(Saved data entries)
--- START ---
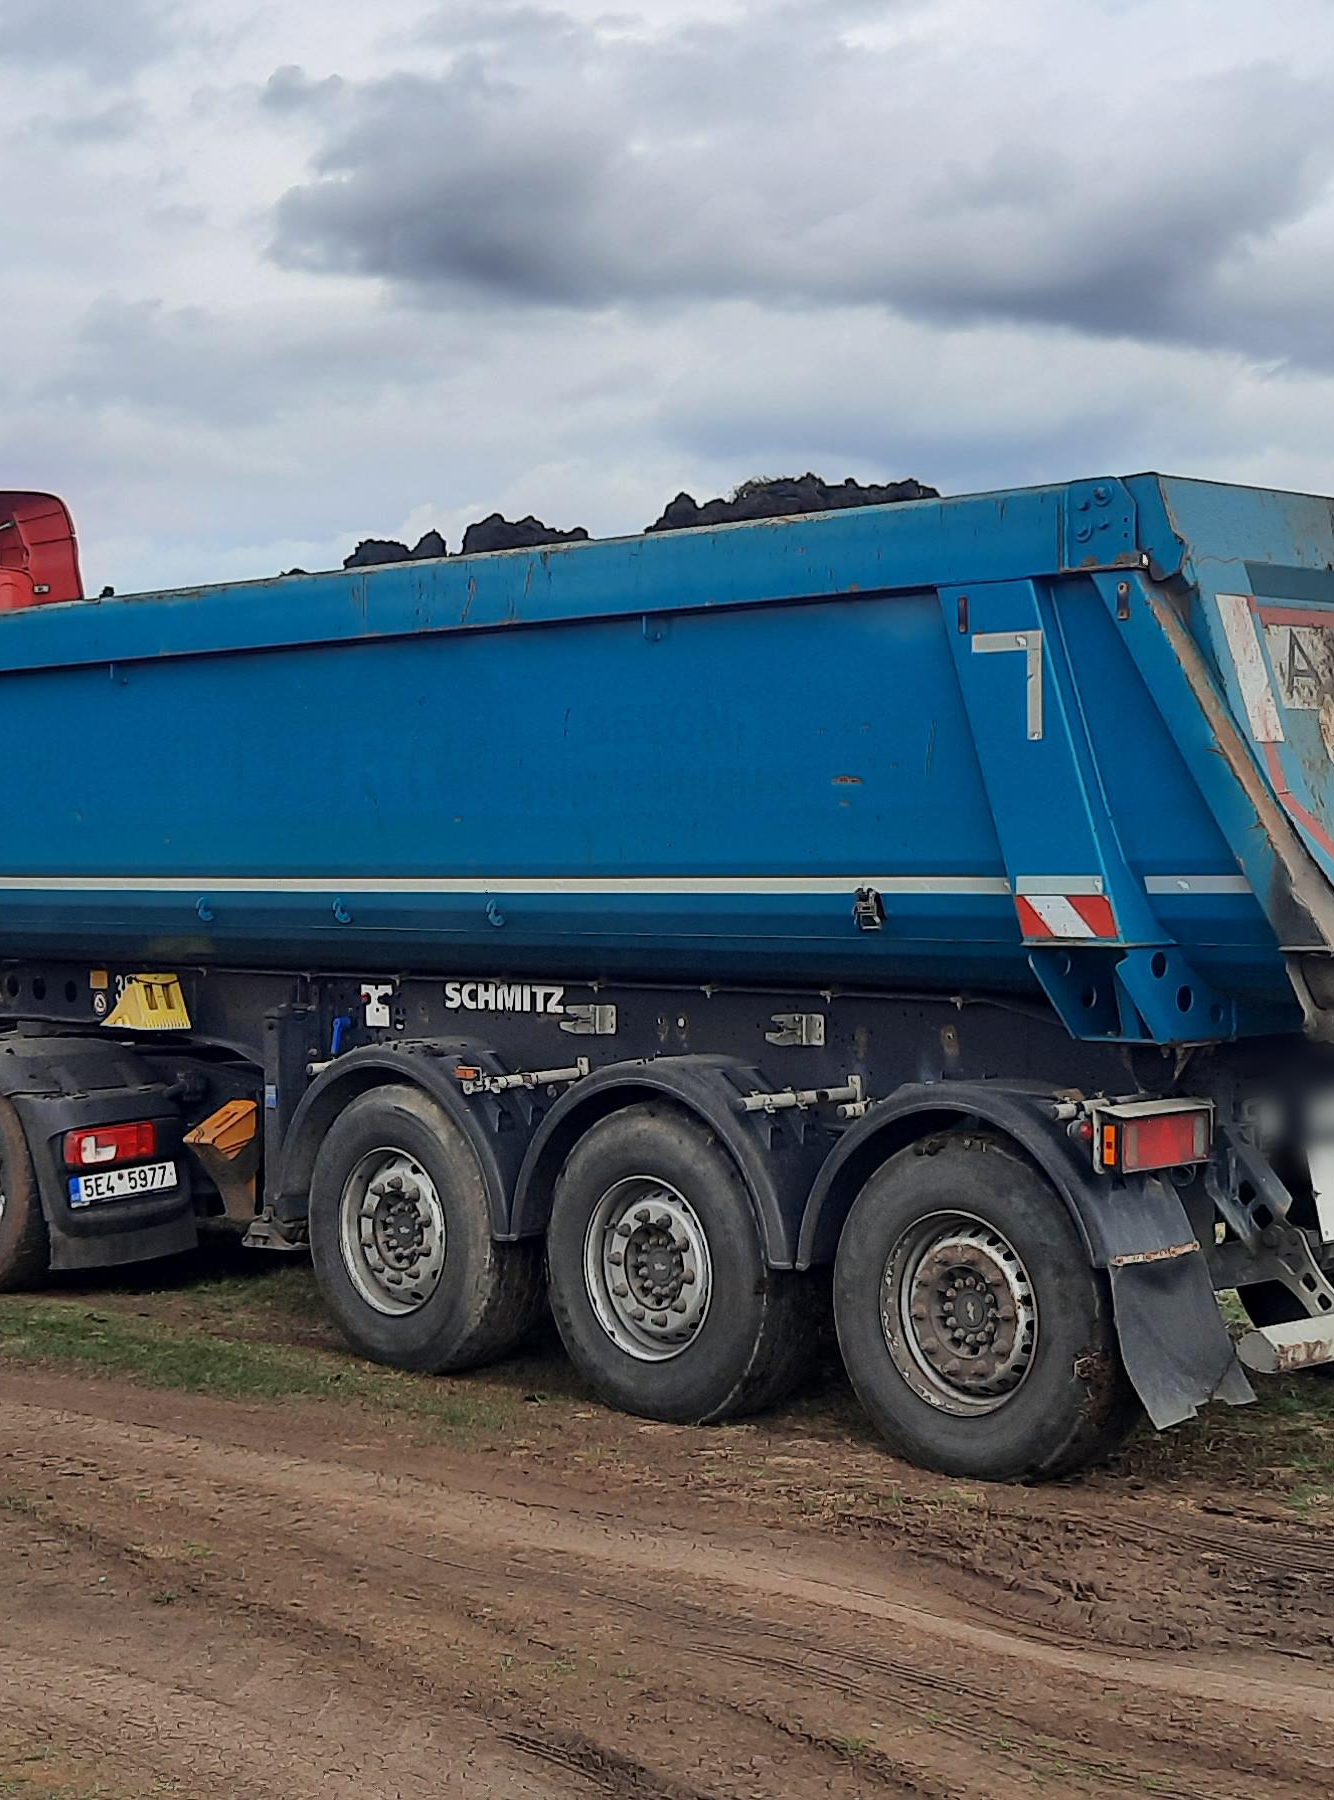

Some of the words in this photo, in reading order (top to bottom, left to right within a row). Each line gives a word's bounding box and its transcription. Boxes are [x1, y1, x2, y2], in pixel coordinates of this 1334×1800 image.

[1286, 628, 1324, 695] A
[445, 982, 564, 1014] SCHMITZ
[83, 1175, 116, 1198] 5E4
[127, 1165, 167, 1190] 5977
--- END ---
→ **TASK OBJECTIVE**
From the first line to the last, retype the data exactly, without images.

→ **RESULT FOR THIS TASK**
Some of the words in this photo, in reading order (top to bottom, left to right within a row). Each line gives a word's bounding box and its transcription. Boxes are [x1, y1, x2, y2], in pixel coordinates of this 1334×1800 image.

[1286, 628, 1324, 695] A
[445, 982, 564, 1014] SCHMITZ
[83, 1175, 116, 1198] 5E4
[127, 1165, 167, 1190] 5977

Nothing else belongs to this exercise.